FJPI Aceh Kutuk Pemukulan Jurnalis Perempuan
“Kami sangat berharap kasus ini segera ditangani oleh hukum dan para pelaku mendapat hukuman yang setimpal, dan kami juga menuntut agar kasus ini ditangani dengan UU pers, selain KUHpidana karena tindak kriminal tersebut,” sebut dia.
Senada dengan itu, Ketua Aliansi Jurnalis Independen (AJI) Balikpapan, Wibi yang dihubungi melalui saluran telepon, juga mengutuk keras aksi tersebut. Wibi menceritakan kronologis kejadian yang menimpa jurnalis perempuan Paser TV, Normila Sariwahyuni. Menurutnya kejadian itu berawal ketika Yuni (panggilan akrabnya) saat akan mengambil gambar kasus sengketa tanah dan pemukulan/perusakan rumah warga oleh preman di Desa Rantau Panjang, Kecamatan Tanah, Grogot.
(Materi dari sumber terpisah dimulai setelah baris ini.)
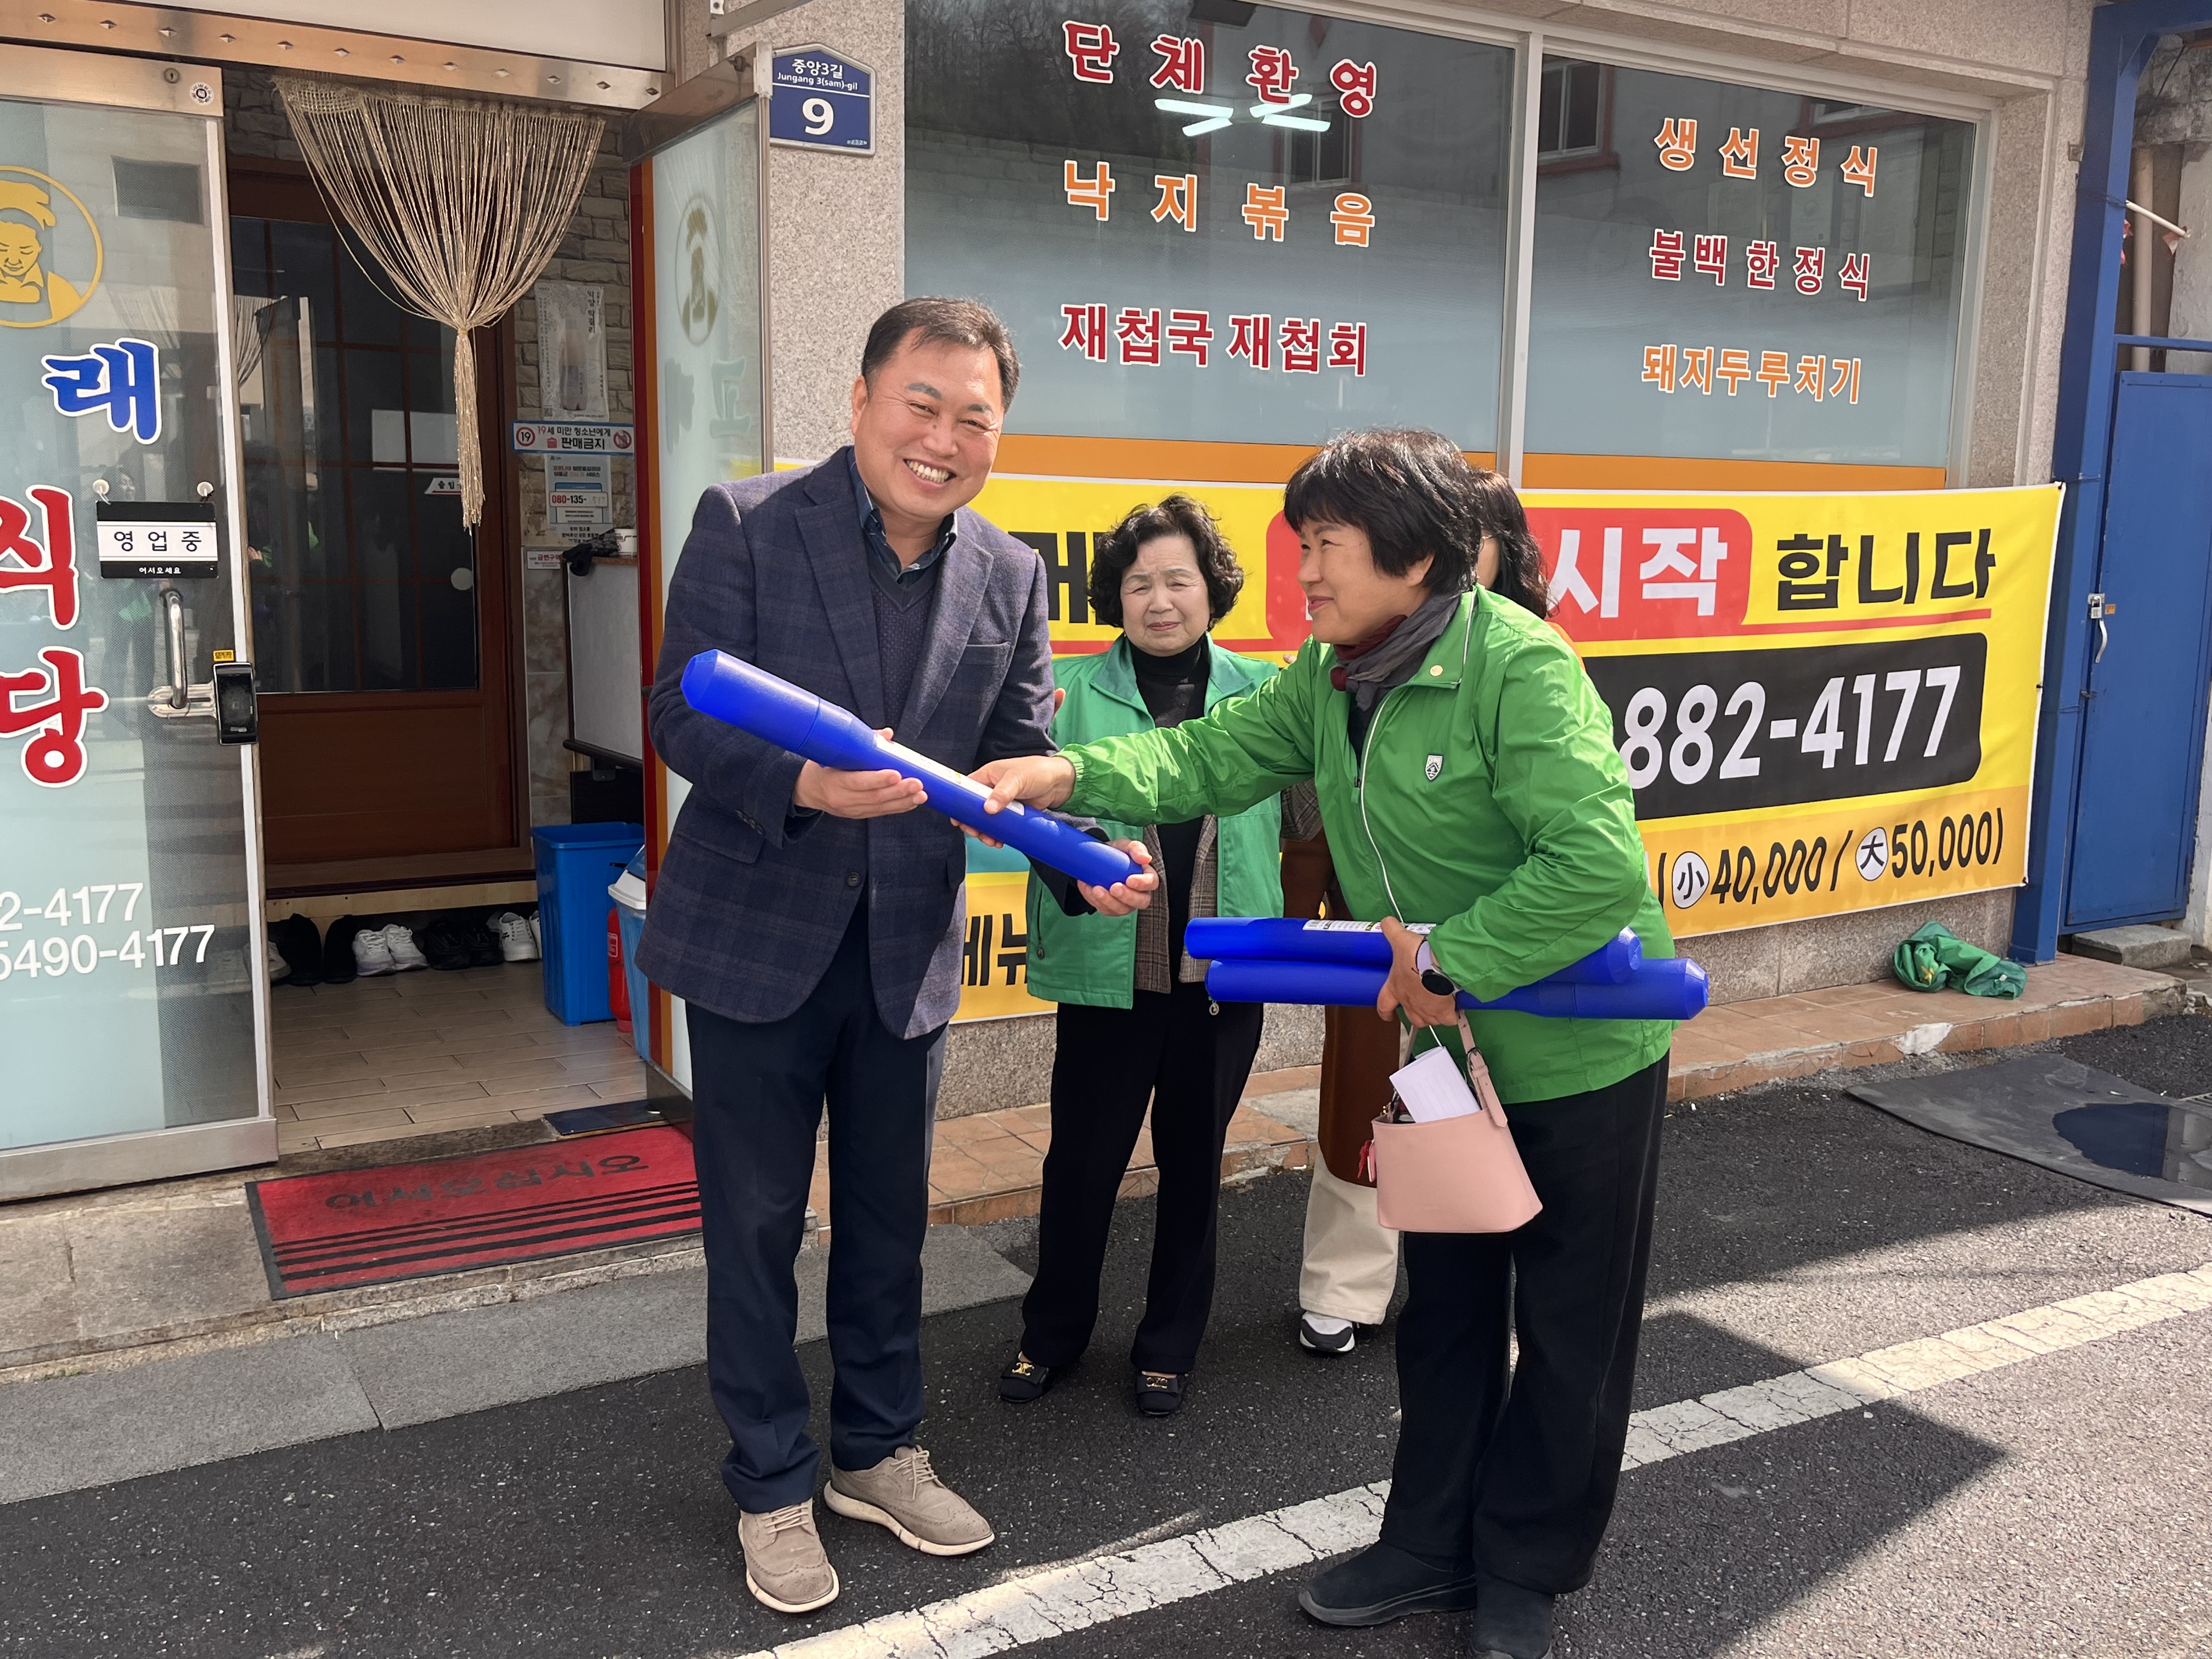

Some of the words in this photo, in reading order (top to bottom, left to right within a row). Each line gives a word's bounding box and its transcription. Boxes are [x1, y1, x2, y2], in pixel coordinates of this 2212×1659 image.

[792, 59, 843, 79] 중앙3길
[777, 72, 814, 85] Jungang
[816, 77, 858, 91] 3(sam)-gil
[802, 98, 834, 135] 9
[1058, 303, 1214, 367] 재첩국
[1226, 314, 1367, 376] 재첩회
[1642, 344, 1861, 404] 돼지두루치기
[521, 431, 531, 442] 19
[557, 426, 572, 436] 미만
[574, 427, 611, 437] 청소년에게
[561, 437, 605, 450] 판매금지
[138, 567, 181, 575] 어서오세요
[1546, 527, 1728, 618] 시작
[1776, 528, 1996, 611] 합니다
“Waktu si wartawati akan mengambil gambar. Baru saja mengeluarkan kamera, Kades Rantau Panjang, Ilyas menampar dia. Kemudian dari arah belakang ada yang menarik rambutnya hingga terjatuh. Saat terjatuh itu dia ditendang, dipukul, dan dipijak oleh sekitar 16 orang salah satunya Ilyas. Limabelas orang lainnya kaki tangan Ilyas,” sebut Wibi.
Saat itu dari cerita Yuni, dia minta agar dirinya jangan disakiti dan mengatakan diri wartawati. Yuni juga kata Wibi sempat menyebutkan kalau dirinya sedang mengandung. Tapi tidak dihiraukan 16 orang tersebut yang terus melakukan kekerasan.
Kamera Yuni ikut juga dirusak. Tak lama kemudian polisi Paser datang ke lokasi dan menyelamatkan Yuni. Jurnalis perempuan yang sedang hamil satu bulan itu dibawa lari ke rumah sakit terdekat karena mengalami pendarahan.
“Yuni sempat pingsan. Dokter yang memeriksa Yuni mengatakan kalau pendarahan berasal dari rahim dan Yuni mengalami keguguran akibat kekerasan itu,” sebut Wibi.
Yuni sudah melaporkan kasus ini kepihak kepolisian dan sudah menyerahkan hasil visumnya. Menanggapi hal tersebut, Senin (4/3) AJI Balikpapan bersama PWI, IJTI, dan beberapa organisasi pers lainnya di Balik Papan akan menemui Kapolda Kaltim.
“AJI sudah menurunkan orang ke TKP untuk mengecek langsung kebenaran kasus ini. Besok kita akan mengajak PWI, IJTI, dan beberapa organisasi Pers lainnya menemui Kapolda Kaltim,” ujar Wibi.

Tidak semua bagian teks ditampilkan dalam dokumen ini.